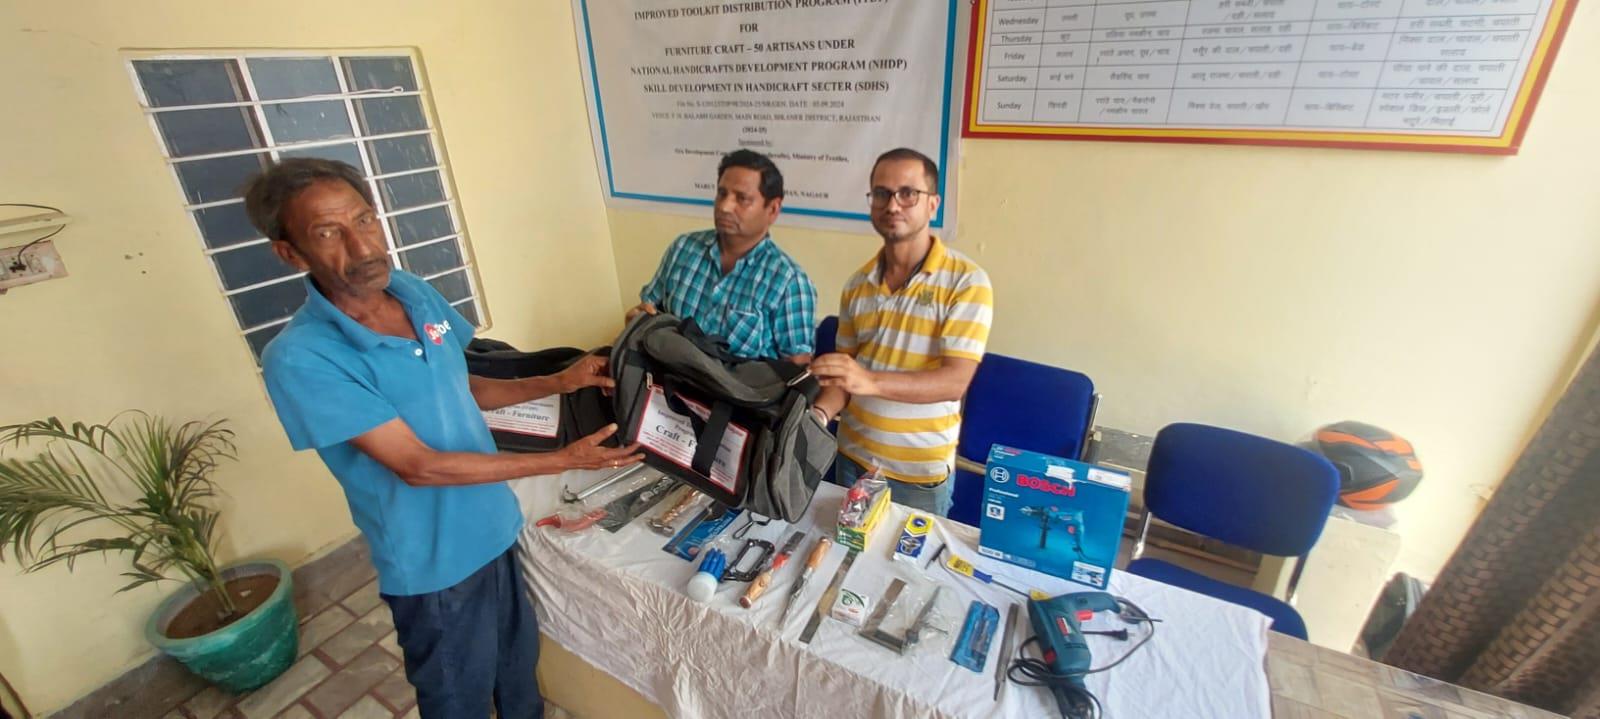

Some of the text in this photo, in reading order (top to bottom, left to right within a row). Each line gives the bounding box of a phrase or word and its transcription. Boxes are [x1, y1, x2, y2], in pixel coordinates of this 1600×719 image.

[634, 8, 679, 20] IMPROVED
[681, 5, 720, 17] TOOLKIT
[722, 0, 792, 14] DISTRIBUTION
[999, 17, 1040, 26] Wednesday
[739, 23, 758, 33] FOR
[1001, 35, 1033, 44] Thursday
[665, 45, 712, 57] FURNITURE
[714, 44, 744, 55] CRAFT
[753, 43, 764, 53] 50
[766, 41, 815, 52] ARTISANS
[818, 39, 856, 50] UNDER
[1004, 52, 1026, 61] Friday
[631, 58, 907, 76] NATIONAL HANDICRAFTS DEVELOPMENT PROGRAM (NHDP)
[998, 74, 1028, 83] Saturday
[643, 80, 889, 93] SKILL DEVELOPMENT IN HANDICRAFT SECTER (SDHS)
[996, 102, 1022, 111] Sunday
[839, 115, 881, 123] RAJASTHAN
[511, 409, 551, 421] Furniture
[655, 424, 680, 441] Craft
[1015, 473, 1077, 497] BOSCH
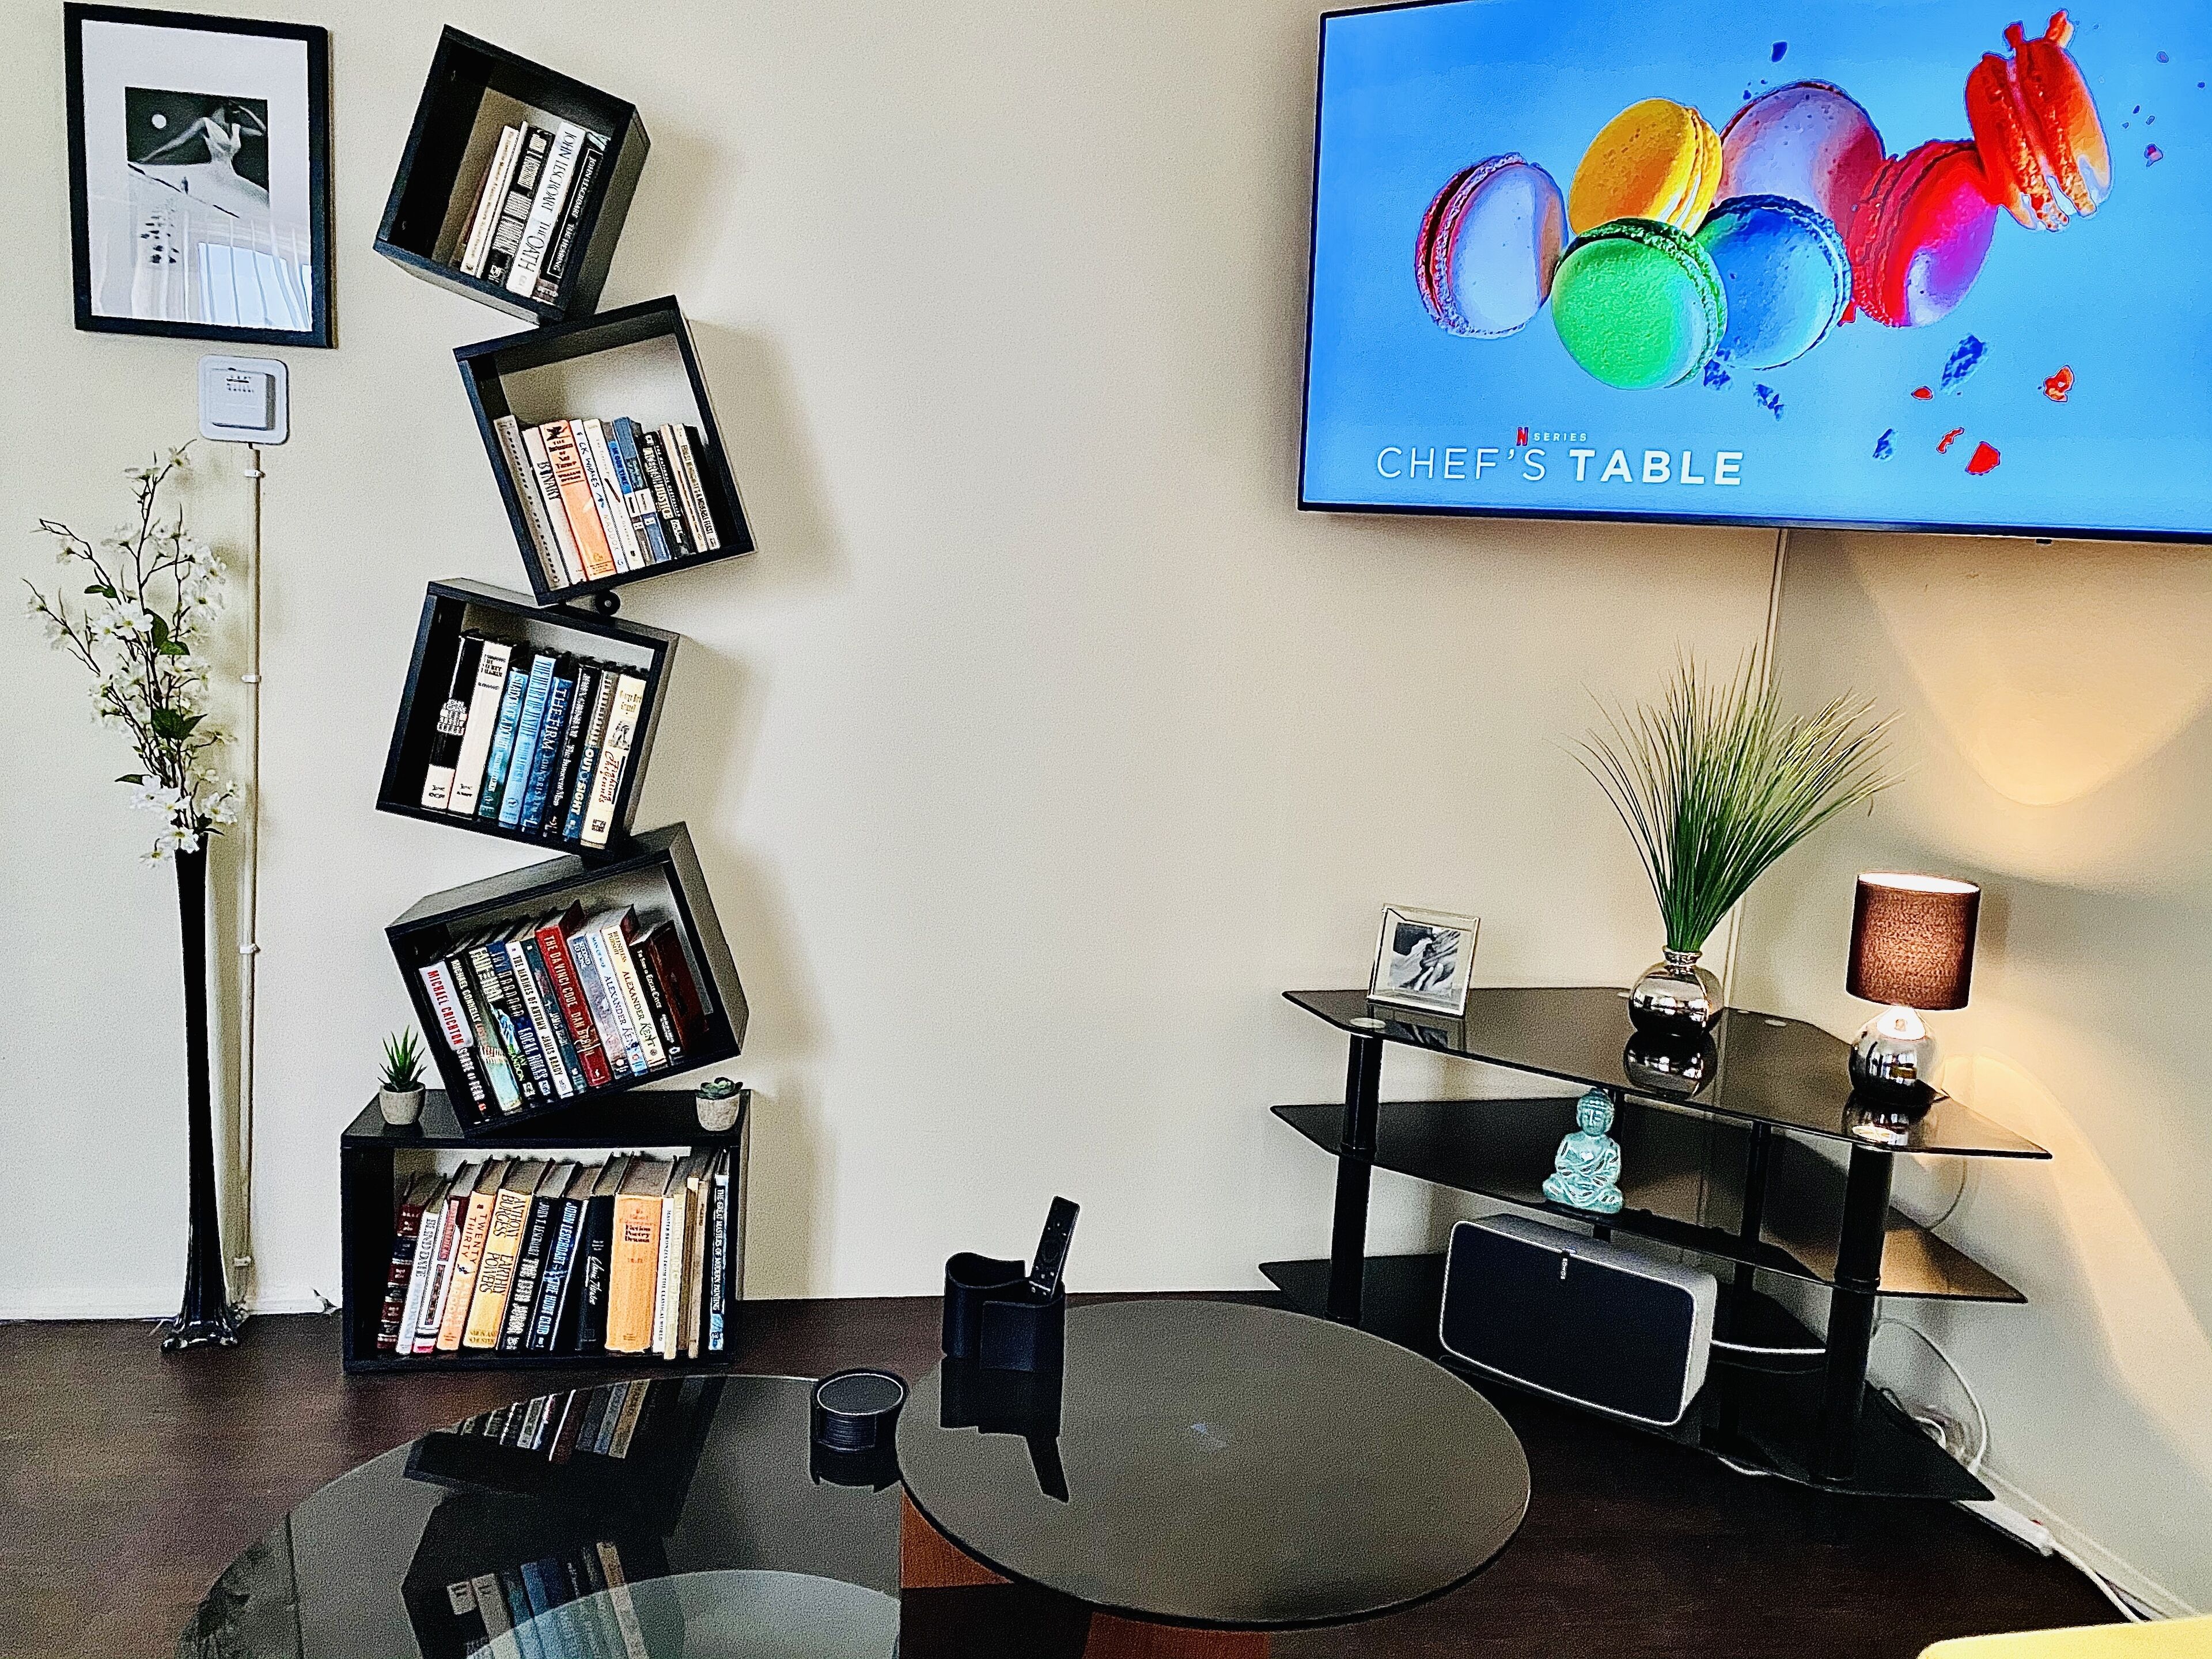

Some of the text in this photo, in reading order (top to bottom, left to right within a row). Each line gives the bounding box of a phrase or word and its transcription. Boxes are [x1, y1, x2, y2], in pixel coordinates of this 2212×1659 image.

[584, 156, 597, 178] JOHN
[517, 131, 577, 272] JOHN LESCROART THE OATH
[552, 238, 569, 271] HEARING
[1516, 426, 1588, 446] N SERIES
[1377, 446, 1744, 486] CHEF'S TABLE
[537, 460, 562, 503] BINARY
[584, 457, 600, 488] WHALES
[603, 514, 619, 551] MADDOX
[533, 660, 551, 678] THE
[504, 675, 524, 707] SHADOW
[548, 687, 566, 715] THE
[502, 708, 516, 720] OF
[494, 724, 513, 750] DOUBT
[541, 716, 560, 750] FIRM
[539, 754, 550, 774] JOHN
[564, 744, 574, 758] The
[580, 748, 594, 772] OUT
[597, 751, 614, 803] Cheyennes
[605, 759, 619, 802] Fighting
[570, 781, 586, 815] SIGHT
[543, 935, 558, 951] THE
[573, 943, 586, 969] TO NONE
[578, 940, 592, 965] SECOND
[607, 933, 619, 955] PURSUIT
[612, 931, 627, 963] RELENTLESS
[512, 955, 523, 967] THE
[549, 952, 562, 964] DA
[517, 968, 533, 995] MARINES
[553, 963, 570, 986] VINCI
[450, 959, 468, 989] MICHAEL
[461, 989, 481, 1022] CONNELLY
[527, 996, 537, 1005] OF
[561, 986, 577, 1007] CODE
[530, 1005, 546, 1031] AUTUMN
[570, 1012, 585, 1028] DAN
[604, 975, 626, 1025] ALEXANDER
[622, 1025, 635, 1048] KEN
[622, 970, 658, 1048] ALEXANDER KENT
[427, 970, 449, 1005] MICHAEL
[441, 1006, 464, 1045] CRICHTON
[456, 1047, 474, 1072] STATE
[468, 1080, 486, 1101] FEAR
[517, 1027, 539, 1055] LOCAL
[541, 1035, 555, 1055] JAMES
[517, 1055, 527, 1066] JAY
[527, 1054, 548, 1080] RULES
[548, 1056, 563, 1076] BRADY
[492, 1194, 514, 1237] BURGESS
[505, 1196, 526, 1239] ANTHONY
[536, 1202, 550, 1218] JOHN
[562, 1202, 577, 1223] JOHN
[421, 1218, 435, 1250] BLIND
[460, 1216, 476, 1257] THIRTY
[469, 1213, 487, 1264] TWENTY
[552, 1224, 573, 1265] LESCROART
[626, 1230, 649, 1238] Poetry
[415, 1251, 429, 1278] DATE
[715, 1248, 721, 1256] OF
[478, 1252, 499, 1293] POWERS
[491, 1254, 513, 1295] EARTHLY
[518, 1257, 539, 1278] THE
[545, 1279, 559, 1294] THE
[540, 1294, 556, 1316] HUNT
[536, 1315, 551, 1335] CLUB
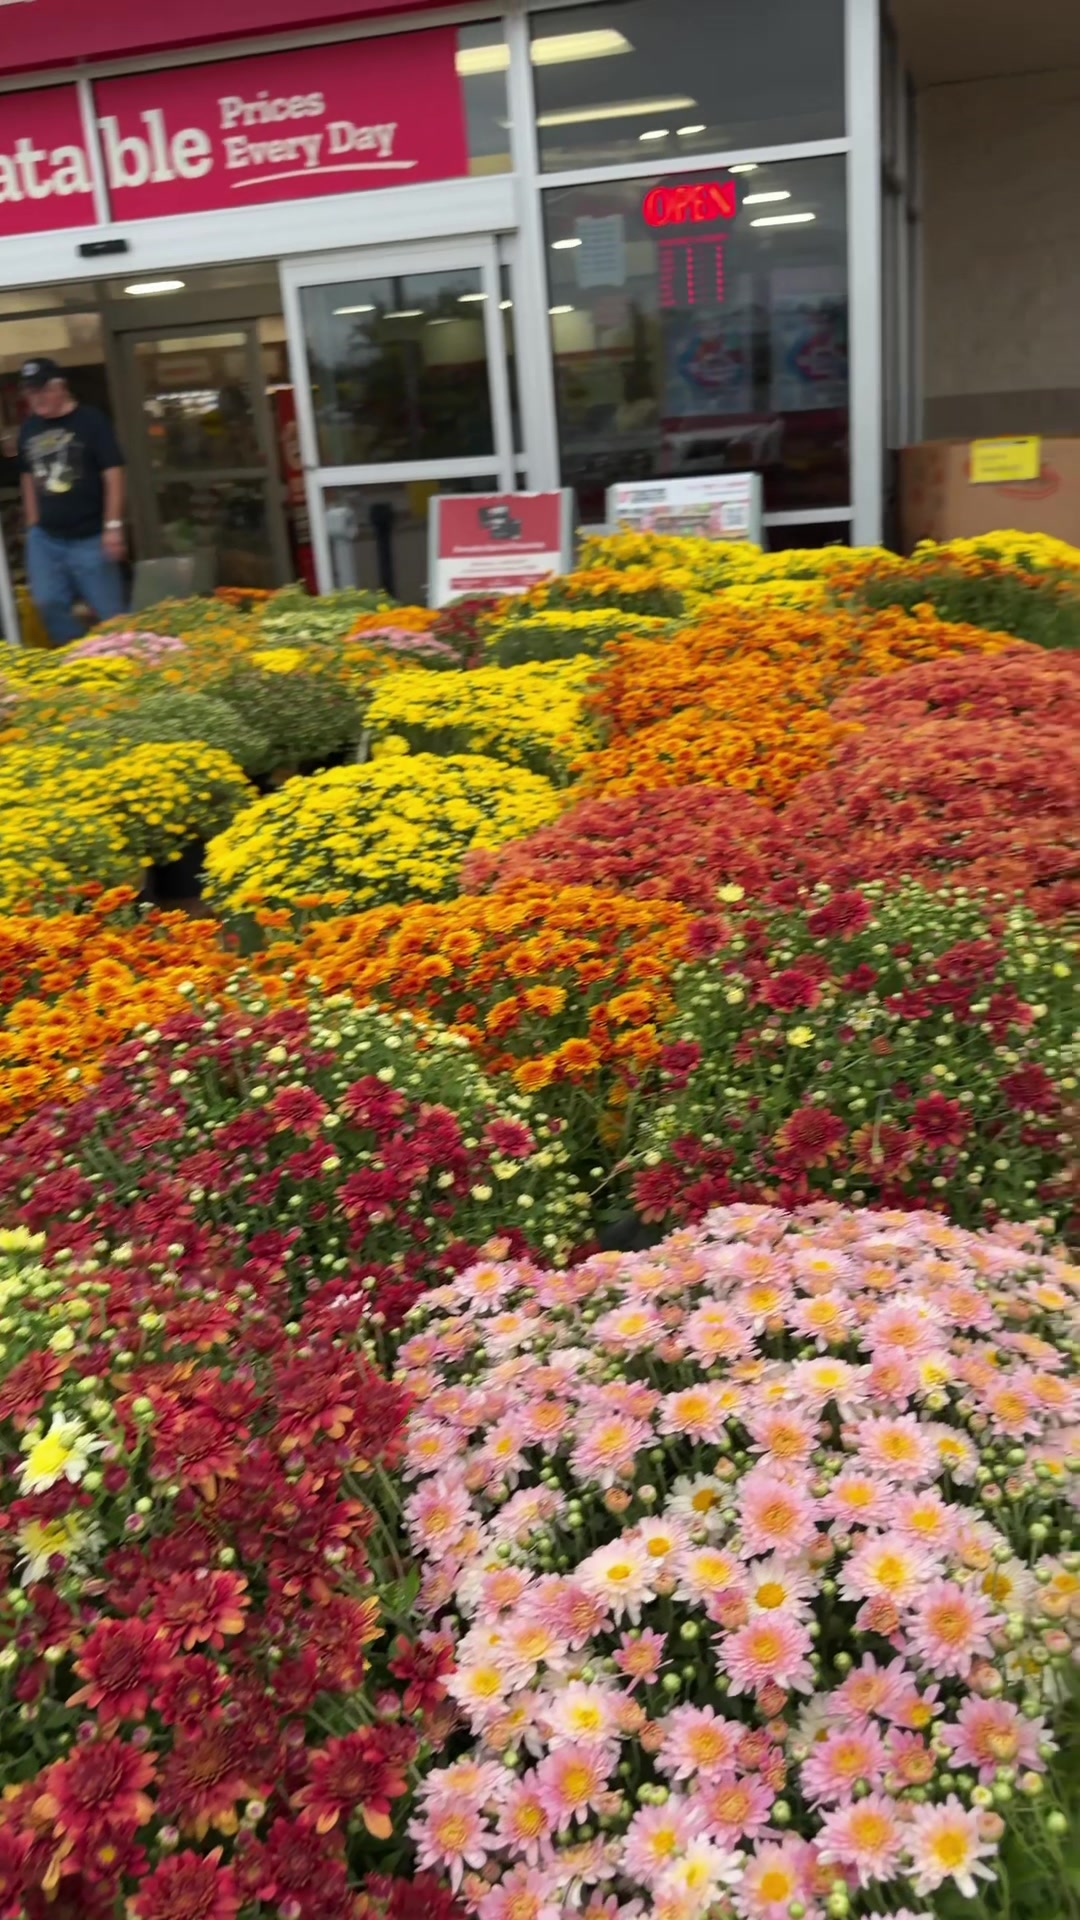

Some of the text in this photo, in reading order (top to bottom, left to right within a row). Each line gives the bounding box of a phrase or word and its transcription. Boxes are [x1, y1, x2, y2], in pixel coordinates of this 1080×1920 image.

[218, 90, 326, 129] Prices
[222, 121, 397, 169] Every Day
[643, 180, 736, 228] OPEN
####################
**Brief**
Reproduce every record above exactly, omitting the pictures.

**Answer section**
Some of the text in this photo, in reading order (top to bottom, left to right within a row). Each line gives the bounding box of a phrase or word and its transcription. Boxes are [x1, y1, x2, y2], in pixel coordinates of this 1600×719 image.

[634, 8, 679, 20] IMPROVED
[681, 5, 720, 17] TOOLKIT
[722, 0, 792, 14] DISTRIBUTION
[999, 17, 1040, 26] Wednesday
[739, 23, 758, 33] FOR
[1001, 35, 1033, 44] Thursday
[665, 45, 712, 57] FURNITURE
[714, 44, 744, 55] CRAFT
[753, 43, 764, 53] 50
[766, 41, 815, 52] ARTISANS
[818, 39, 856, 50] UNDER
[1004, 52, 1026, 61] Friday
[631, 58, 907, 76] NATIONAL HANDICRAFTS DEVELOPMENT PROGRAM (NHDP)
[998, 74, 1028, 83] Saturday
[643, 80, 889, 93] SKILL DEVELOPMENT IN HANDICRAFT SECTER (SDHS)
[996, 102, 1022, 111] Sunday
[839, 115, 881, 123] RAJASTHAN
[511, 409, 551, 421] Furniture
[655, 424, 680, 441] Craft
[1015, 473, 1077, 497] BOSCH

Some of the text in this photo, in reading order (top to bottom, left to right within a row). Each line gives the bounding box of a phrase or word and its transcription. Boxes are [x1, y1, x2, y2], in pixel coordinates of this 2212×1659 image.

[584, 156, 597, 178] JOHN
[517, 131, 577, 272] JOHN LESCROART THE OATH
[552, 238, 569, 271] HEARING
[1516, 426, 1588, 446] N SERIES
[1377, 446, 1744, 486] CHEF'S TABLE
[537, 460, 562, 503] BINARY
[584, 457, 600, 488] WHALES
[603, 514, 619, 551] MADDOX
[533, 660, 551, 678] THE
[504, 675, 524, 707] SHADOW
[548, 687, 566, 715] THE
[502, 708, 516, 720] OF
[494, 724, 513, 750] DOUBT
[541, 716, 560, 750] FIRM
[539, 754, 550, 774] JOHN
[564, 744, 574, 758] The
[580, 748, 594, 772] OUT
[597, 751, 614, 803] Cheyennes
[605, 759, 619, 802] Fighting
[570, 781, 586, 815] SIGHT
[543, 935, 558, 951] THE
[573, 943, 586, 969] TO NONE
[578, 940, 592, 965] SECOND
[607, 933, 619, 955] PURSUIT
[612, 931, 627, 963] RELENTLESS
[512, 955, 523, 967] THE
[549, 952, 562, 964] DA
[517, 968, 533, 995] MARINES
[553, 963, 570, 986] VINCI
[450, 959, 468, 989] MICHAEL
[461, 989, 481, 1022] CONNELLY
[527, 996, 537, 1005] OF
[561, 986, 577, 1007] CODE
[530, 1005, 546, 1031] AUTUMN
[570, 1012, 585, 1028] DAN
[604, 975, 626, 1025] ALEXANDER
[622, 1025, 635, 1048] KEN
[622, 970, 658, 1048] ALEXANDER KENT
[427, 970, 449, 1005] MICHAEL
[441, 1006, 464, 1045] CRICHTON
[456, 1047, 474, 1072] STATE
[468, 1080, 486, 1101] FEAR
[517, 1027, 539, 1055] LOCAL
[541, 1035, 555, 1055] JAMES
[517, 1055, 527, 1066] JAY
[527, 1054, 548, 1080] RULES
[548, 1056, 563, 1076] BRADY
[492, 1194, 514, 1237] BURGESS
[505, 1196, 526, 1239] ANTHONY
[536, 1202, 550, 1218] JOHN
[562, 1202, 577, 1223] JOHN
[421, 1218, 435, 1250] BLIND
[460, 1216, 476, 1257] THIRTY
[469, 1213, 487, 1264] TWENTY
[552, 1224, 573, 1265] LESCROART
[626, 1230, 649, 1238] Poetry
[415, 1251, 429, 1278] DATE
[715, 1248, 721, 1256] OF
[478, 1252, 499, 1293] POWERS
[491, 1254, 513, 1295] EARTHLY
[518, 1257, 539, 1278] THE
[545, 1279, 559, 1294] THE
[540, 1294, 556, 1316] HUNT
[536, 1315, 551, 1335] CLUB

Some of the text in this photo, in reading order (top to bottom, left to right within a row). Each line gives the bounding box of a phrase or word and its transcription. Boxes are [x1, y1, x2, y2], in pixel coordinates of this 1080×1920 image.

[218, 90, 326, 129] Prices
[222, 121, 397, 169] Every Day
[643, 180, 736, 228] OPEN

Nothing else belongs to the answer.